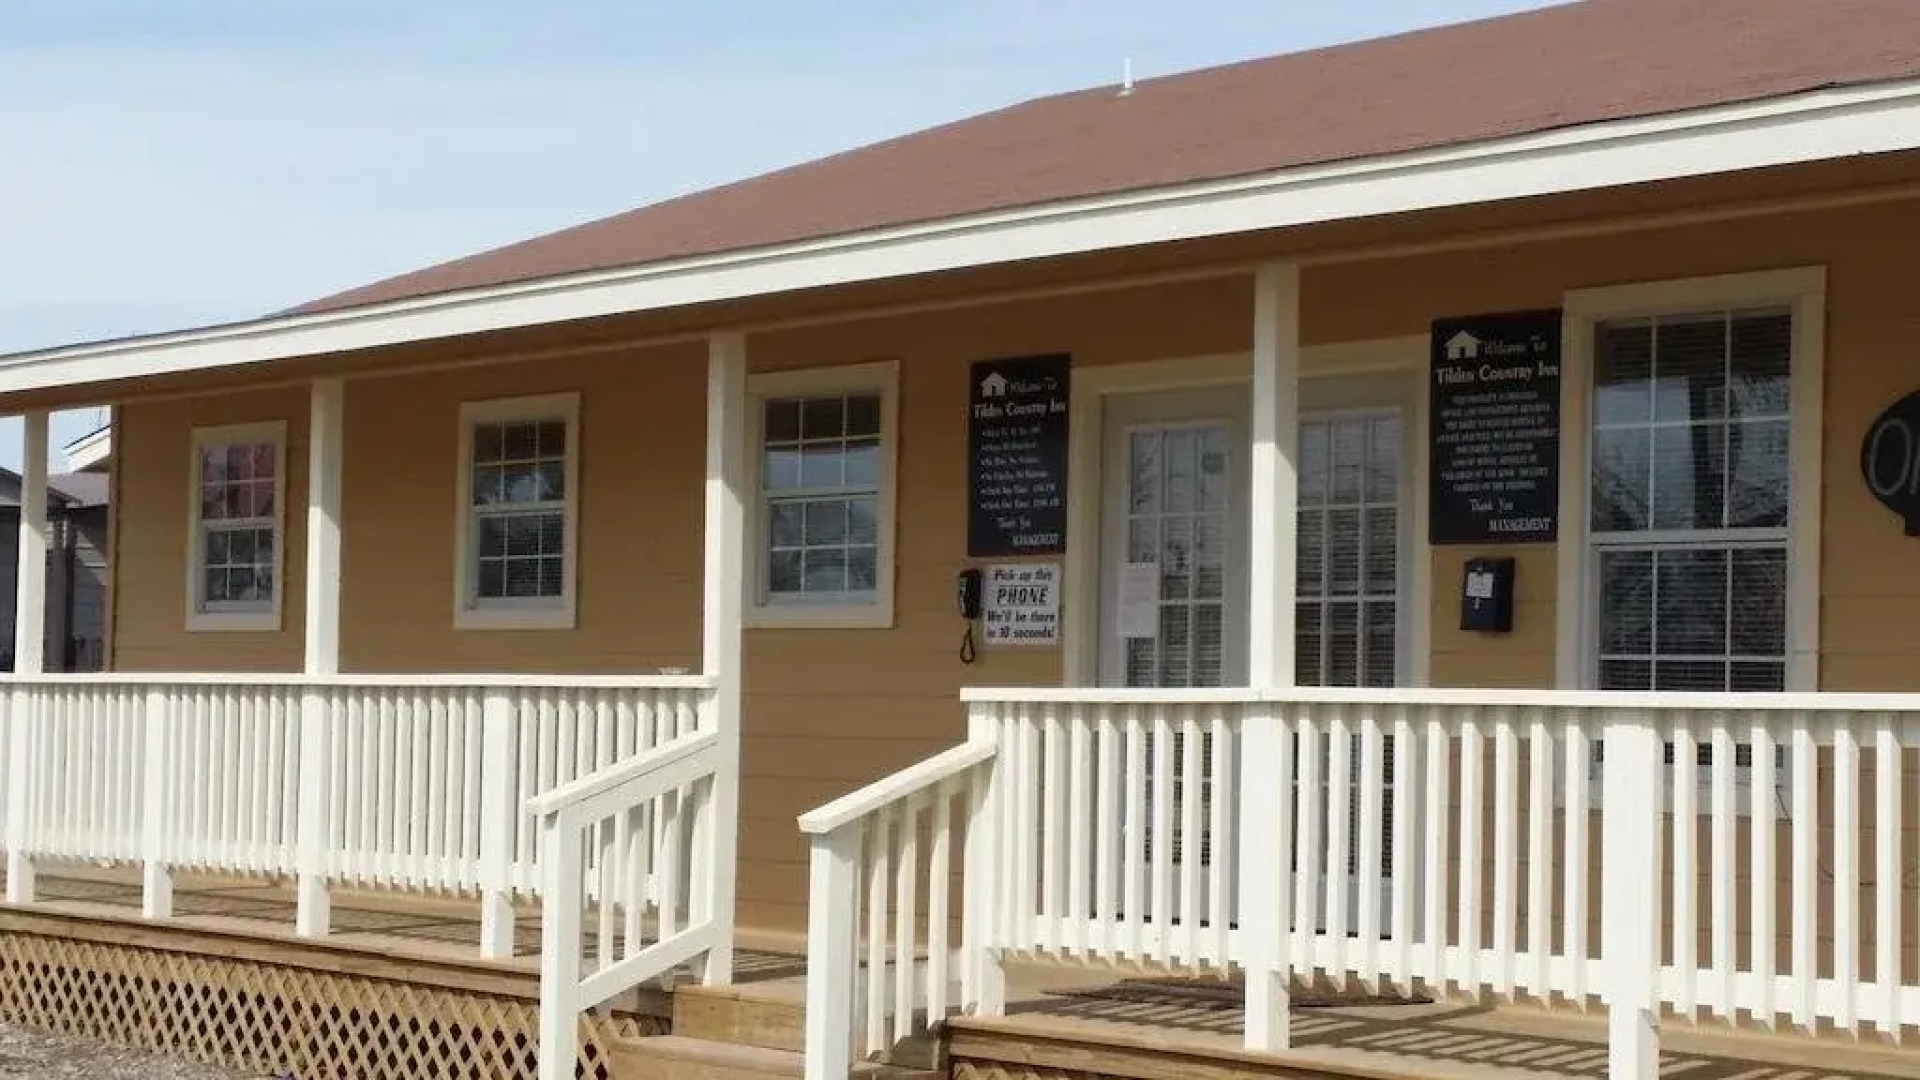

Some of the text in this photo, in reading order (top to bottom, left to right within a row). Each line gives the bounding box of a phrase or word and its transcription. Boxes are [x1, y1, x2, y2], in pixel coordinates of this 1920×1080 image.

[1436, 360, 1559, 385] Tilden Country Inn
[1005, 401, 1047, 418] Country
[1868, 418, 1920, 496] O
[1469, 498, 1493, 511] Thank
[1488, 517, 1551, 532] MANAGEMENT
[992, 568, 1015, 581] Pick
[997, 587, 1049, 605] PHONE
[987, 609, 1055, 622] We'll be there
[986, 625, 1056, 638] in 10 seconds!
##########
#### Exercise
Each record above is to be returned unchanged, while any picture it holds stays out.

#### Written answer
Some of the text in this photo, in reading order (top to bottom, left to right within a row). Each line gives the bounding box of a phrase or word and its transcription. Boxes are [x1, y1, x2, y2], in pixel coordinates of this 1920×1080 image.

[1436, 360, 1559, 385] Tilden Country Inn
[1005, 401, 1047, 418] Country
[1868, 418, 1920, 496] O
[1469, 498, 1493, 511] Thank
[1488, 517, 1551, 532] MANAGEMENT
[992, 568, 1015, 581] Pick
[997, 587, 1049, 605] PHONE
[987, 609, 1055, 622] We'll be there
[986, 625, 1056, 638] in 10 seconds!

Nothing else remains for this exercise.